WHAT IS BEING ASKED: Look below for the line containing "this 1600×1200 image.". Reproduce it and every line after it exactly, and nothing more.

Referring expression grounding data:
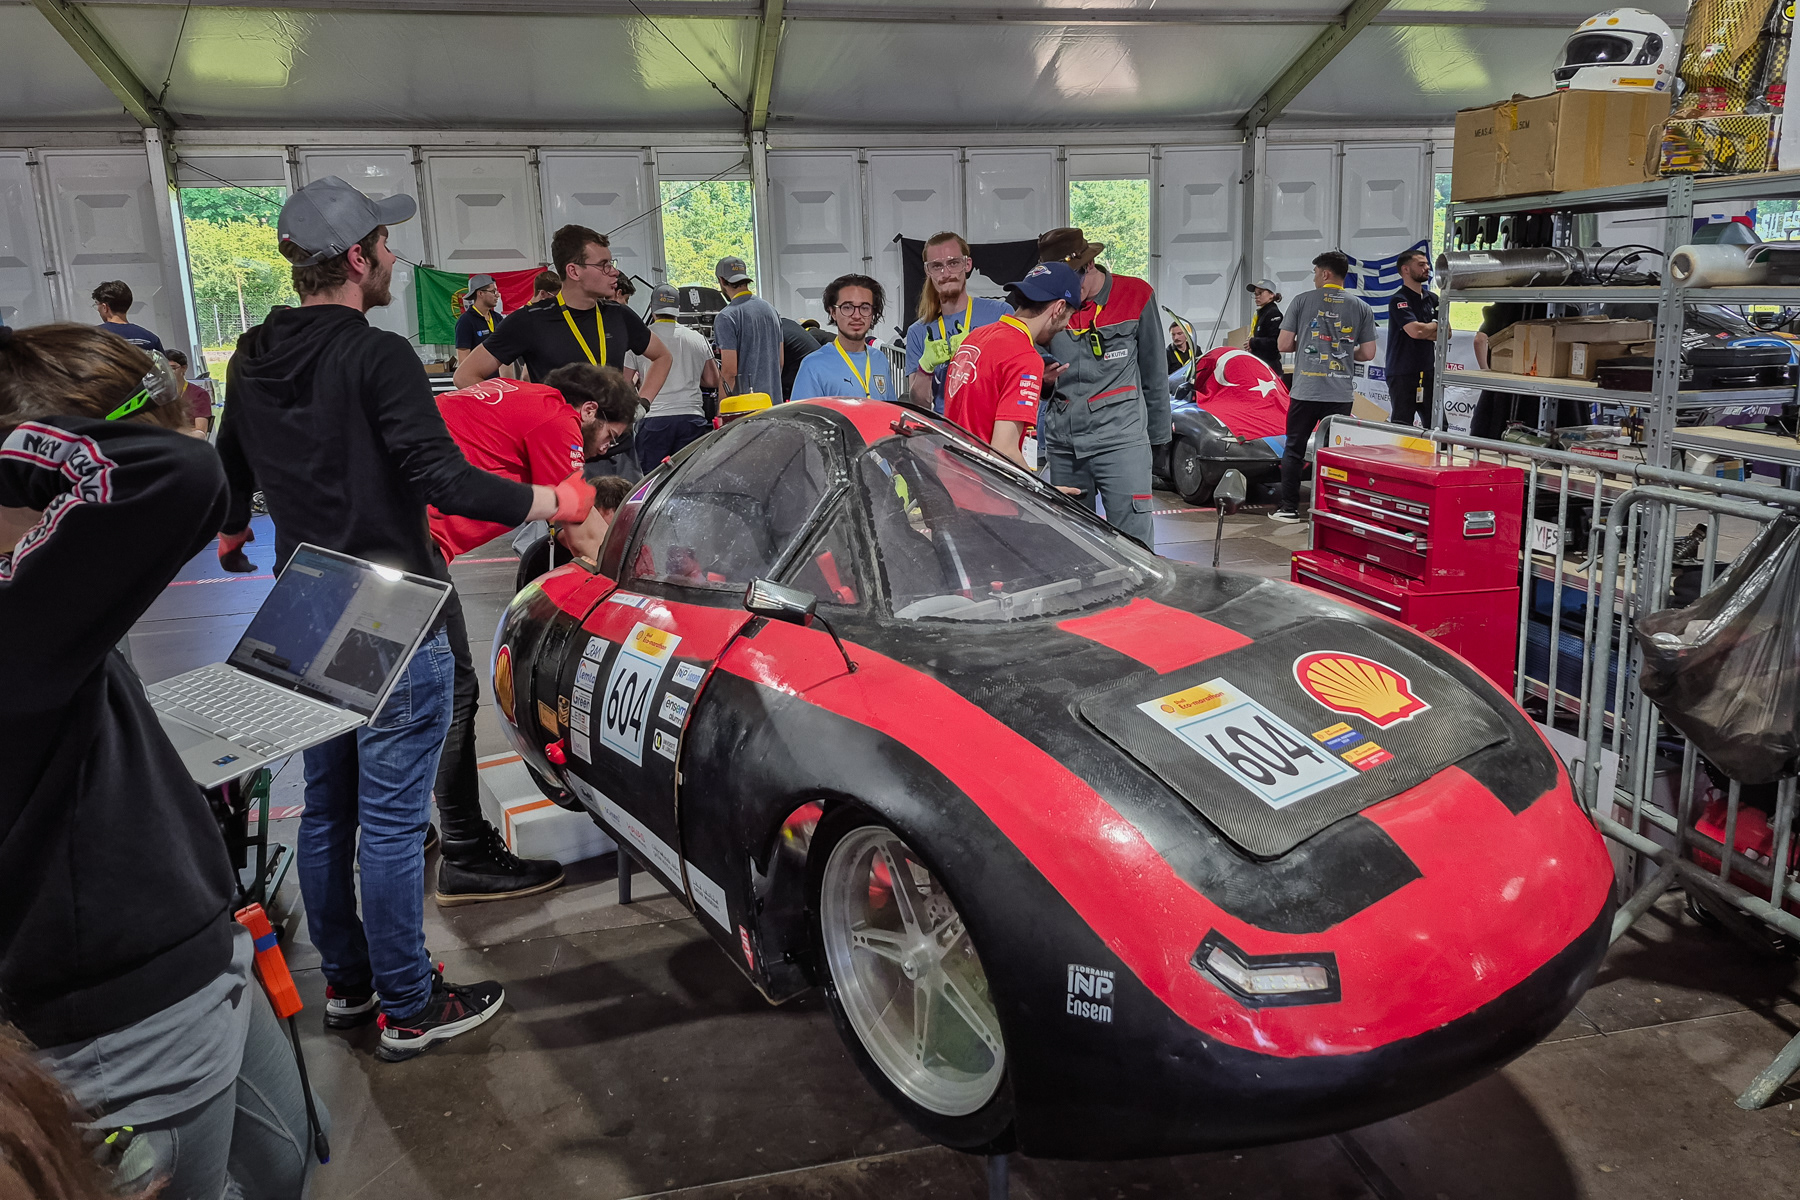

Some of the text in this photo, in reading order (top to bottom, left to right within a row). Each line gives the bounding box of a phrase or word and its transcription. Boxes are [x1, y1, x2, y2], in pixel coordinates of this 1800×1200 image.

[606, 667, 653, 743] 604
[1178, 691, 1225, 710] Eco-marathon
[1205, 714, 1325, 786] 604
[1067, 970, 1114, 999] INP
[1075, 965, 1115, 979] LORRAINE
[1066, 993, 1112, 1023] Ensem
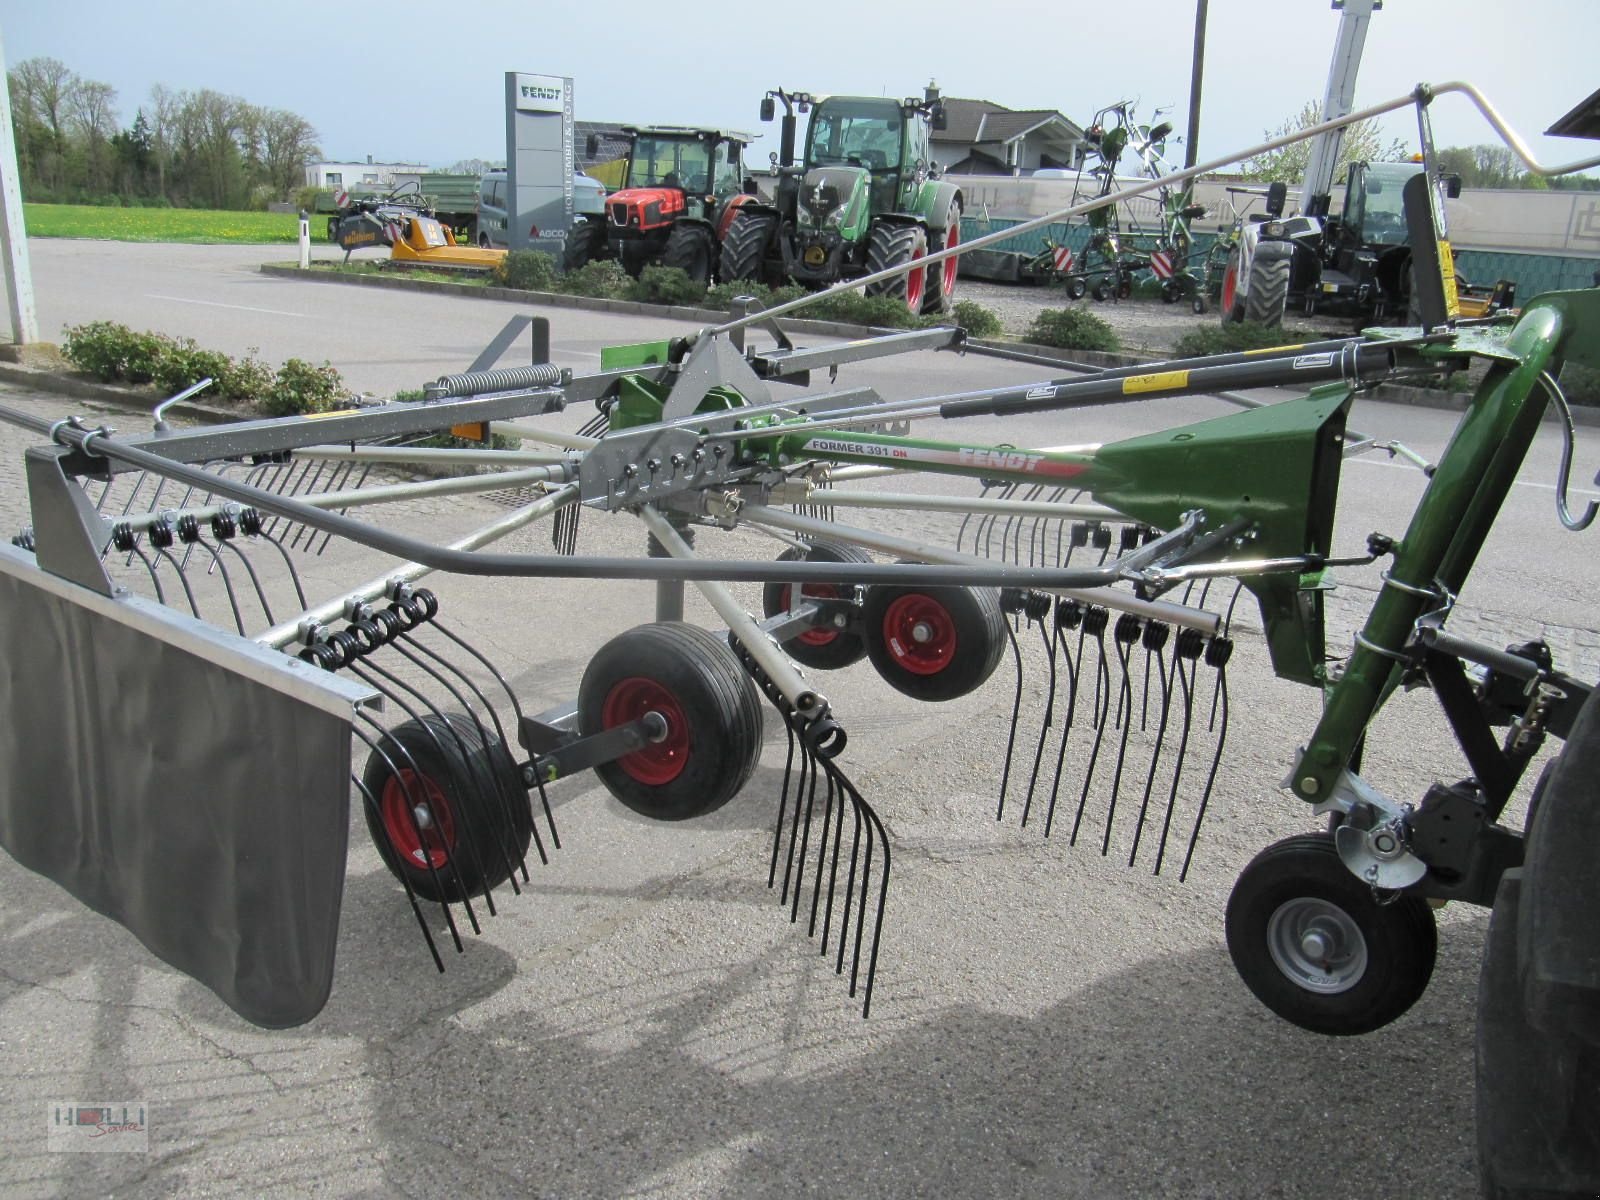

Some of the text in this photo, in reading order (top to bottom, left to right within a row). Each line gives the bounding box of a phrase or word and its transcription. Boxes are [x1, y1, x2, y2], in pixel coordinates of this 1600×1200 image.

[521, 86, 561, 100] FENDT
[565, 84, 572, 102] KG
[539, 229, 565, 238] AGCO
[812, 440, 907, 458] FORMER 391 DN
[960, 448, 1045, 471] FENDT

OUTPUT OF THE EXERCISE:
Some of the text in this photo, in reading order (top to bottom, left to right within a row). Each line gives the bounding box of a phrase or word and its transcription. Boxes are [x1, y1, x2, y2], in pixel coordinates of this 1600×1200 image.

[521, 86, 561, 100] FENDT
[565, 84, 572, 102] KG
[539, 229, 565, 238] AGCO
[812, 440, 907, 458] FORMER 391 DN
[960, 448, 1045, 471] FENDT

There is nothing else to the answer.